Please set down the data word for word; images do not go in the copy.

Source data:
○ ○ ○ ○ ○ ○ ○

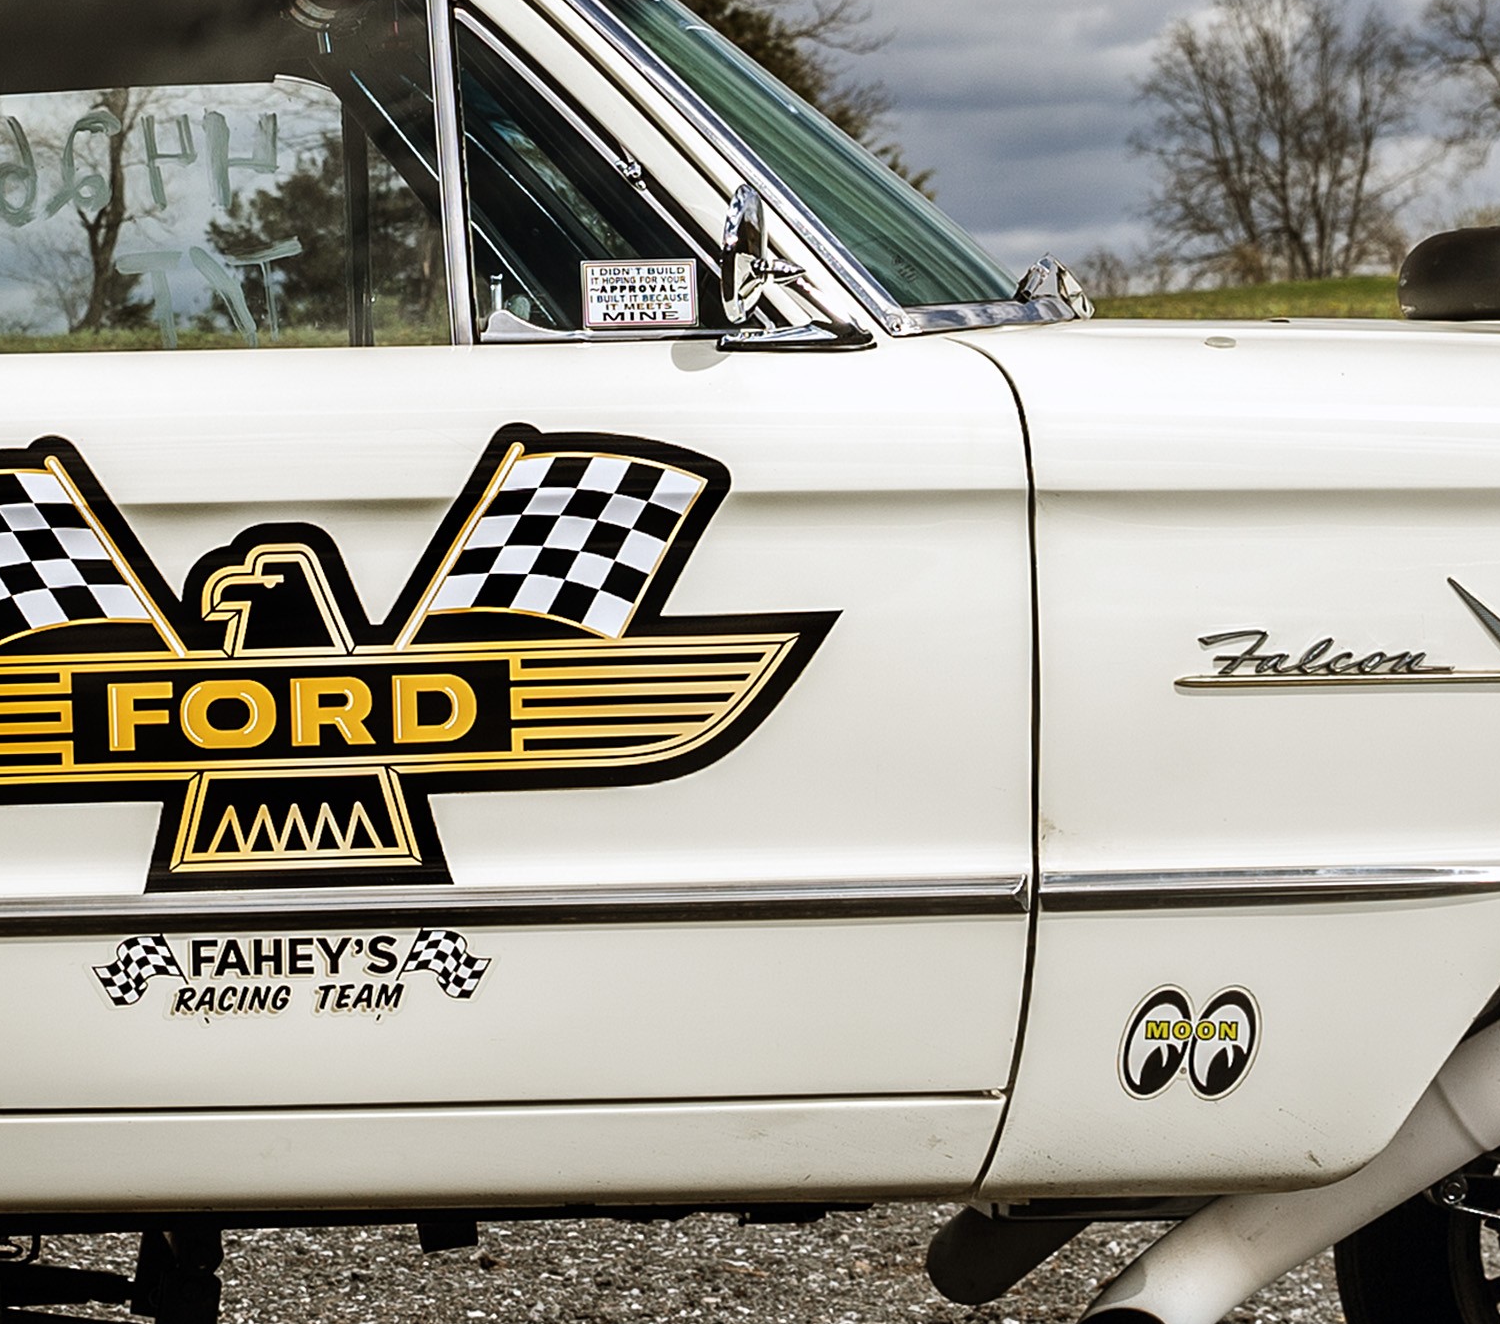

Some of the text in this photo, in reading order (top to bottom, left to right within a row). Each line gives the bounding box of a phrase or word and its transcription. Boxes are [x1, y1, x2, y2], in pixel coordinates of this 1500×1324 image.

[591, 266, 685, 276] I DIDN'T BUILD
[591, 276, 686, 285] IT HOPING FOR YOUR
[597, 295, 625, 303] BUILT
[629, 294, 638, 302] IT
[642, 293, 689, 302] BECAUSE
[605, 303, 619, 311] IT
[603, 311, 680, 321] MINE
[1197, 629, 1455, 676] Falcon
[107, 672, 478, 753] FORD
[190, 935, 399, 978] FAHEY'S
[172, 983, 405, 1015] RACING TEAM
[1144, 1018, 1239, 1042] MOON

○ ○ ○ ○ ○ ○ ○

Output for this task:
Some of the text in this photo, in reading order (top to bottom, left to right within a row). Each line gives the bounding box of a phrase or word and its transcription. Boxes are [x1, y1, x2, y2], in pixel coordinates of this 1500×1324 image.

[591, 266, 685, 276] I DIDN'T BUILD
[591, 276, 686, 285] IT HOPING FOR YOUR
[597, 295, 625, 303] BUILT
[629, 294, 638, 302] IT
[642, 293, 689, 302] BECAUSE
[605, 303, 619, 311] IT
[603, 311, 680, 321] MINE
[1197, 629, 1455, 676] Falcon
[107, 672, 478, 753] FORD
[190, 935, 399, 978] FAHEY'S
[172, 983, 405, 1015] RACING TEAM
[1144, 1018, 1239, 1042] MOON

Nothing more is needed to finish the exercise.